Thursday, April 9, 2015
I've been asked a lot today about the shooting of Walter Scott. The topic that always comes up is the so-called "fleeing felon" rule. Here is the thumbnail explanation of this rule by the Supreme Court in Tennessee v. Garner:
This case requires us to determine the constitutionality of the use of deadly force to prevent the escape of an apparently unarmed suspected felon. We conclude that such force may not be used unless it is necessary to prevent the escape and the officer has probable cause to believe that the suspect poses a significant threat of death or serious physical injury to the officer or others.
Obviously, anyone watching the video of the shooting likely has serious doubts about whether such probable cause could have existed. Even if those doubts could be quelled, however, there is a second problem for the police officer who shot Scott. In a later portion of the Garner opinion, the Court noted that
if the suspect threatens the officer with a weapon or there is probable cause to believe that he has committed a crime involving the infliction or threatened infliction of serious physical harm, deadly force may be used if necessary to prevent escape, and if, where feasible, some warning has been given.
In other words, even if the police officer who shot Scott could establish probable cause, he had to give some warning (e.g., "Stop or I'll shoot) before using lethal force...if such a warning was feasible. Given that the video of the shooting seems to show no such warning, the question becomes whether a warning was feasible.
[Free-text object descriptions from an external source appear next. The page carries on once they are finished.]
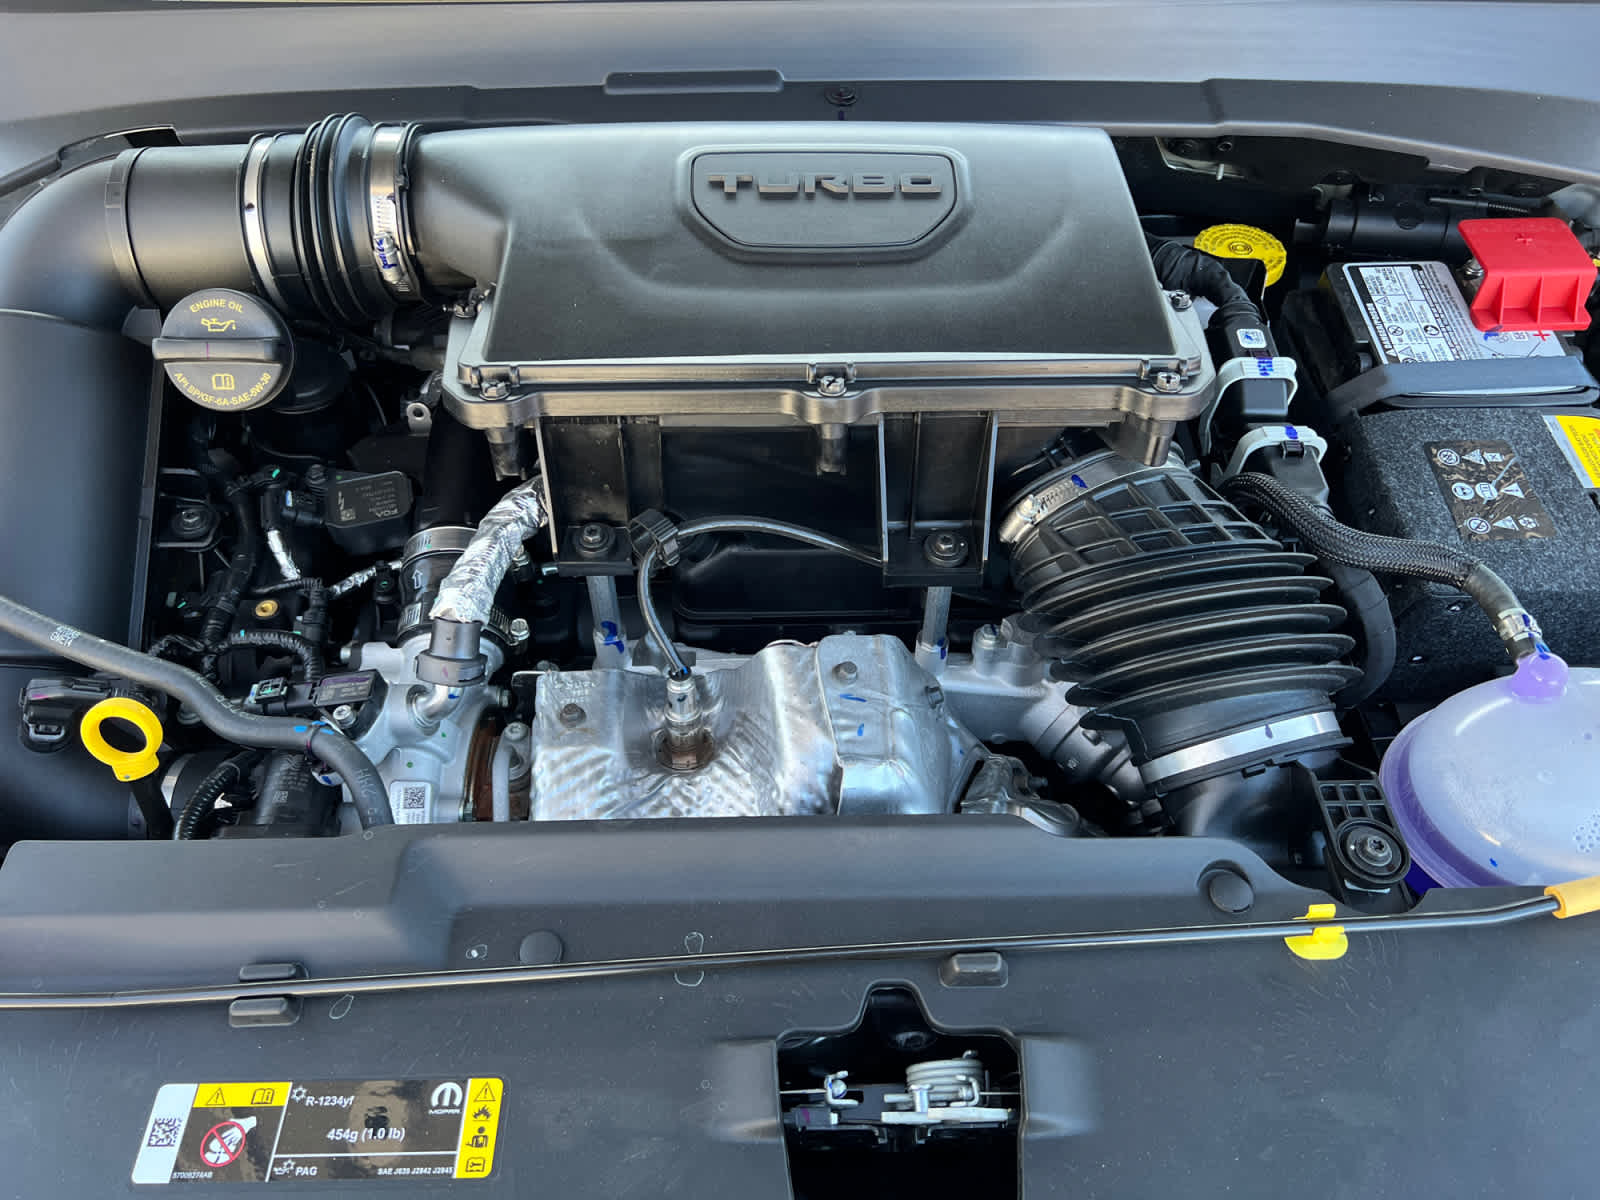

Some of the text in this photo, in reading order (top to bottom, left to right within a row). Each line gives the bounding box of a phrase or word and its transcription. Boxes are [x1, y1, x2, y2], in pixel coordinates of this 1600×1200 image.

[707, 174, 942, 195] TURBO
[189, 299, 244, 314] ENGINE OIL
[305, 1095, 355, 1109] R-1234yf
[326, 1127, 406, 1143] 454g (1.0 lb)
[294, 1166, 318, 1177] PAG
The clear answer seems to be "yes." As far as we can tell, Scott did not have a weapon. He was in a small park off a dirt road, not a crowded intersection. Moreover, Scott was a 50 year-old man who seemed to be lumbering in the wake of an altercation with the officer, not a spry young man sprinting away. Given these circumstances, it seems likely that some warning was feasible, meaning that the officer's use of lethal force was unreasonable even if he somehow did have probable cause to believe that Scott posed "a significant threat of death or serious physical injury to the officer or others." See, e.g., Pablo Hernandez v. City of Miami, 302 F.Supp.2d 1373, 1377 (S.D.Fla. 2004).